-------- SUPPLIED DATA

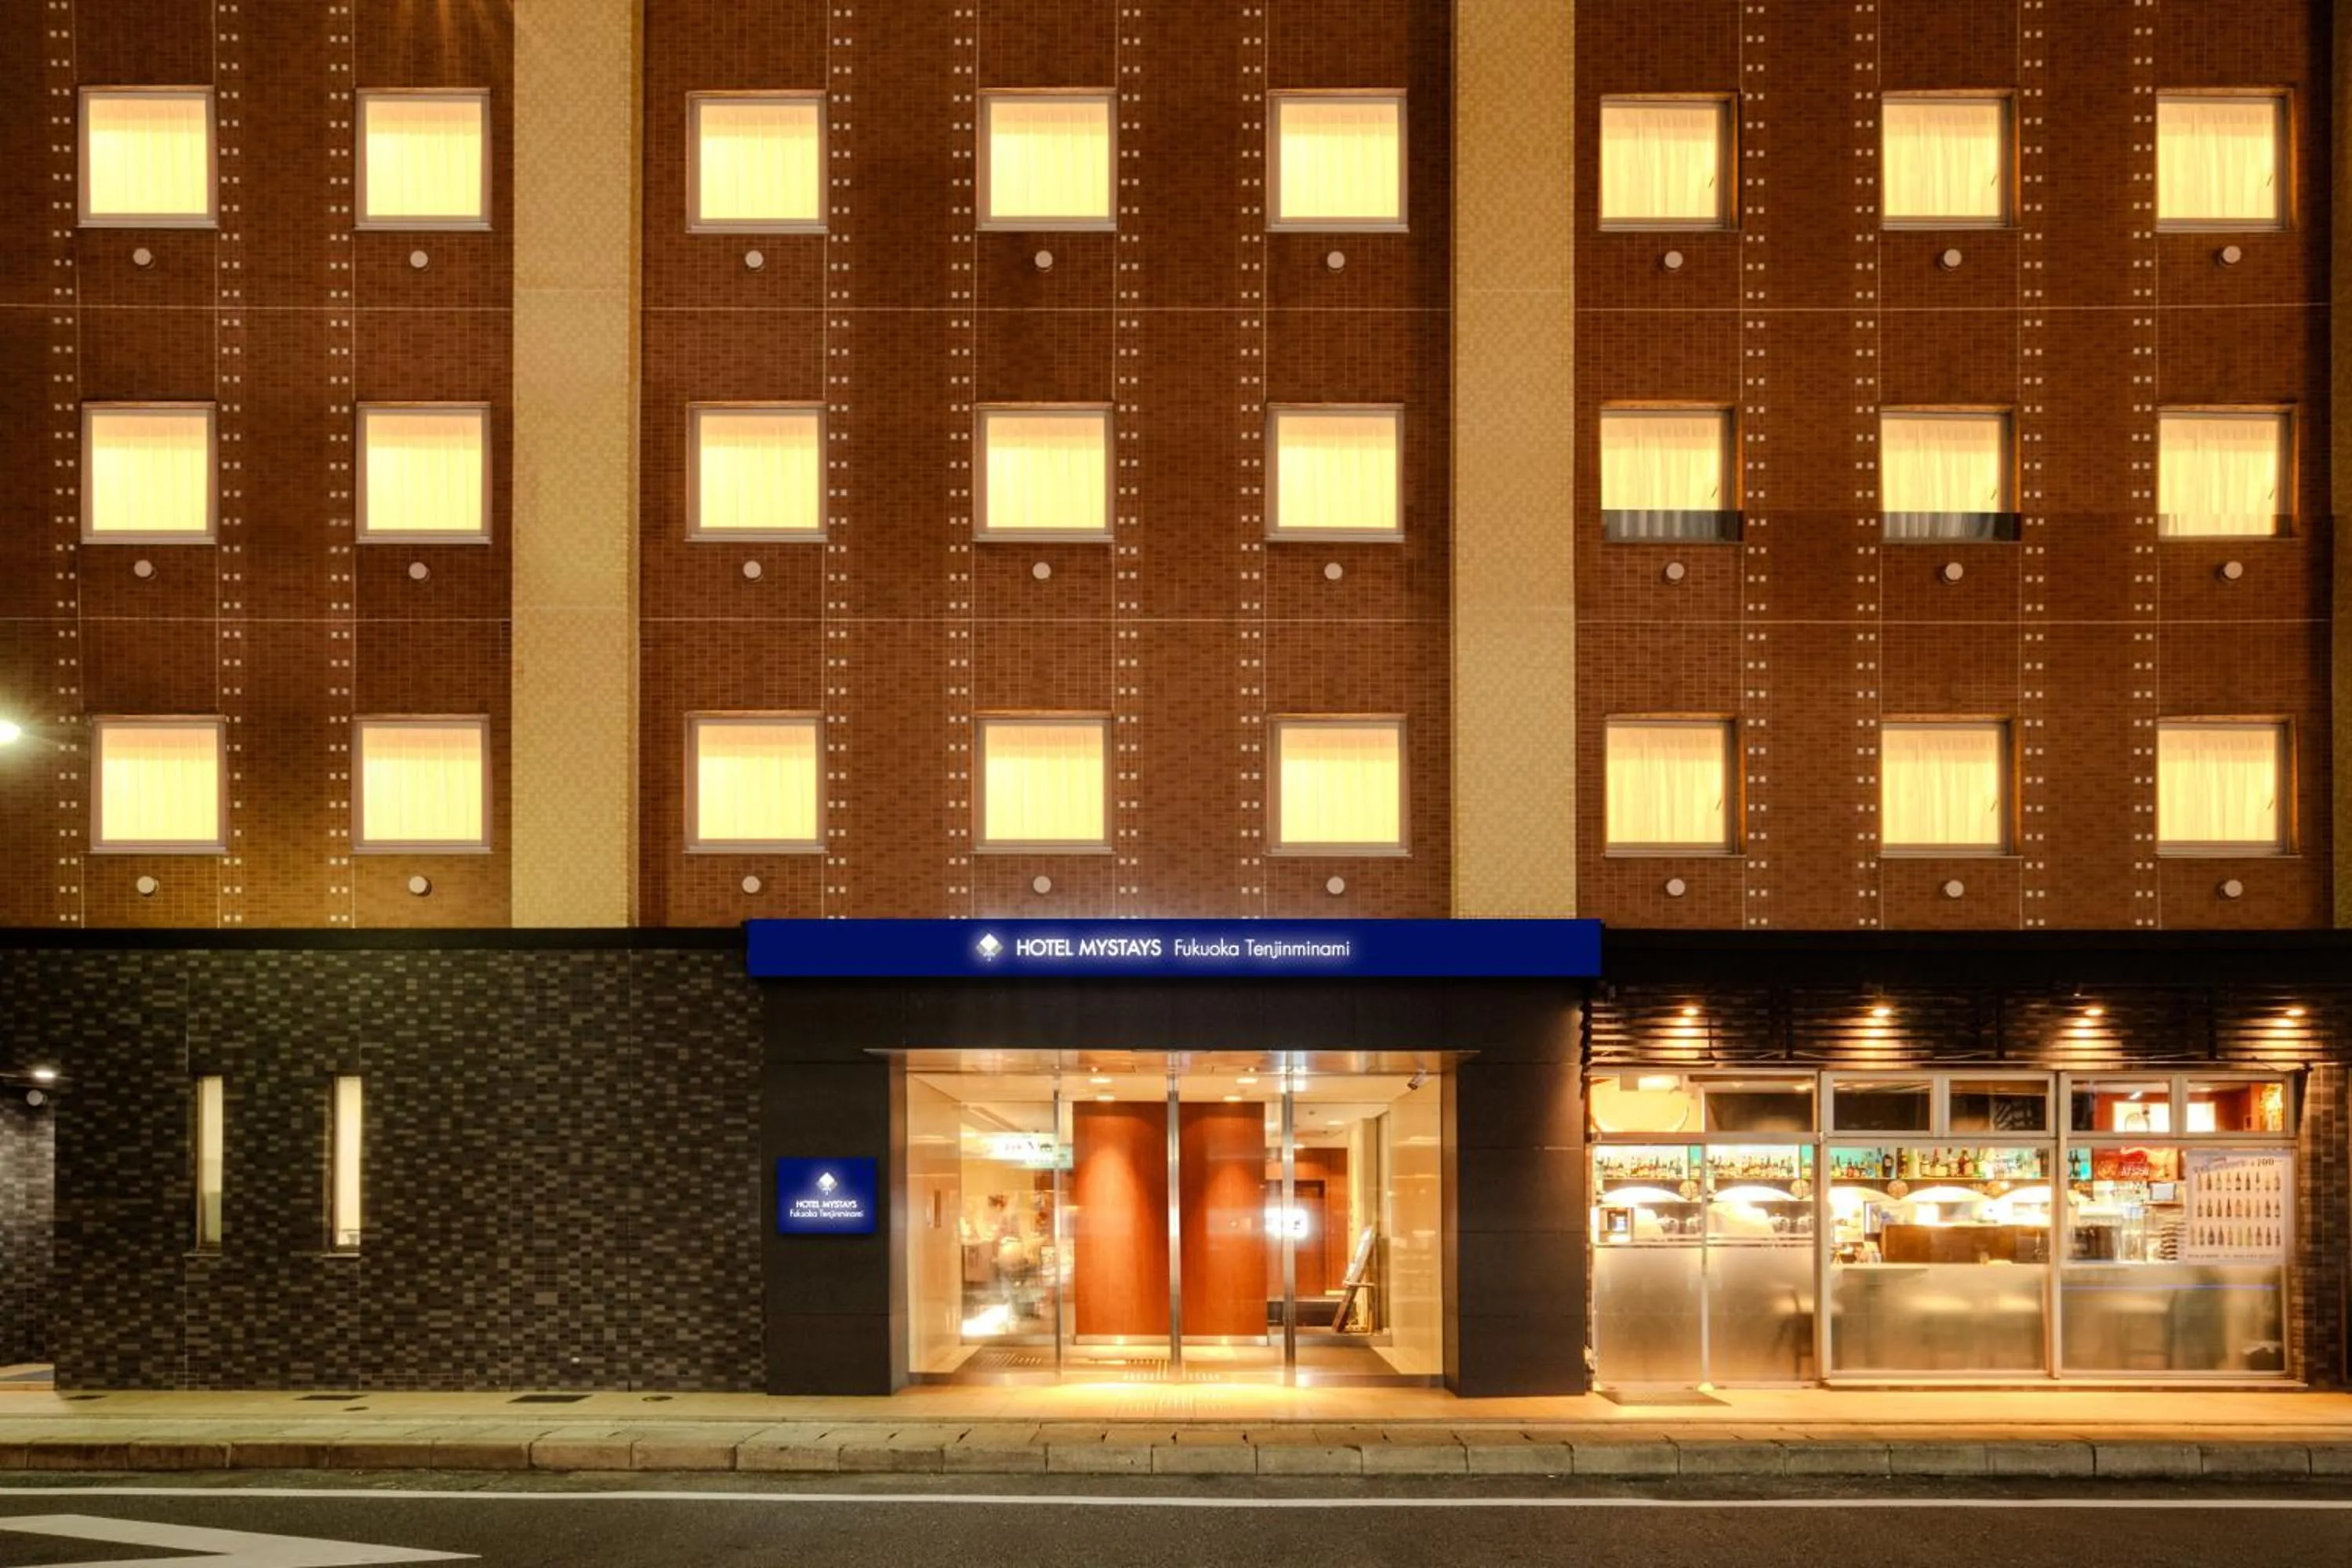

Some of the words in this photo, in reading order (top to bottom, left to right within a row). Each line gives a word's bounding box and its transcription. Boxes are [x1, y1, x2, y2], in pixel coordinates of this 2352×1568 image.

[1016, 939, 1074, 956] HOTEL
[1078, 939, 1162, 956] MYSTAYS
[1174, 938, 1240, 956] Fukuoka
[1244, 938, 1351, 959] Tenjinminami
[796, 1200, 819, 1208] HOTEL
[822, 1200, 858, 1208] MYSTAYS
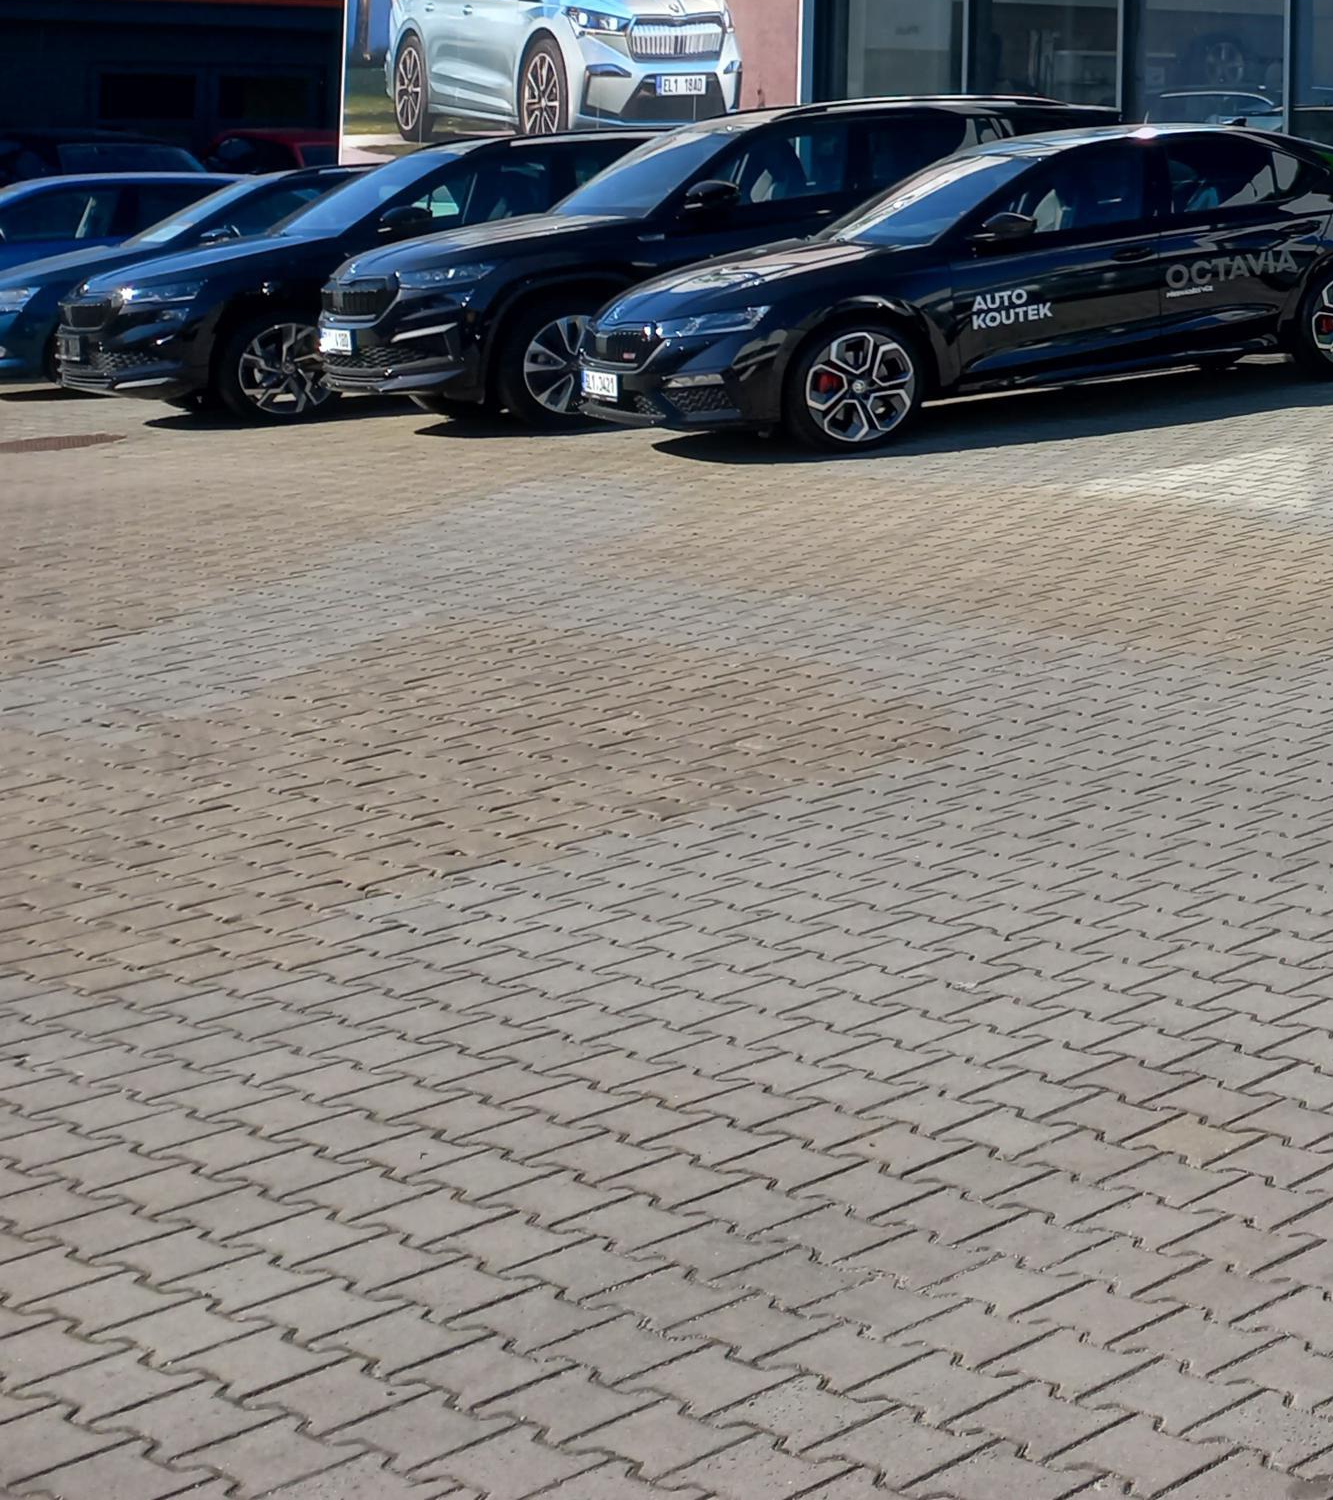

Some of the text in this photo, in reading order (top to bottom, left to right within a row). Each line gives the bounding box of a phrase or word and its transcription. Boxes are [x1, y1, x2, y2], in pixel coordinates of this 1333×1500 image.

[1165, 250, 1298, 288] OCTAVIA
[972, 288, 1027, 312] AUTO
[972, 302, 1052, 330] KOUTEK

----------------

ABOUT THIS EXERCISE:
What is needed is a word-for-word copy of the data above, free of any images.

PROBLEM SOLUTION:
Some of the words in this photo, in reading order (top to bottom, left to right within a row). Each line gives a word's bounding box and its transcription. Boxes are [x1, y1, x2, y2], in pixel coordinates of this 2352×1568 image.

[1016, 939, 1074, 956] HOTEL
[1078, 939, 1162, 956] MYSTAYS
[1174, 938, 1240, 956] Fukuoka
[1244, 938, 1351, 959] Tenjinminami
[796, 1200, 819, 1208] HOTEL
[822, 1200, 858, 1208] MYSTAYS

Some of the text in this photo, in reading order (top to bottom, left to right within a row). Each line gives the bounding box of a phrase or word and its transcription. Boxes are [x1, y1, x2, y2], in pixel coordinates of this 1333×1500 image.

[1165, 250, 1298, 288] OCTAVIA
[972, 288, 1027, 312] AUTO
[972, 302, 1052, 330] KOUTEK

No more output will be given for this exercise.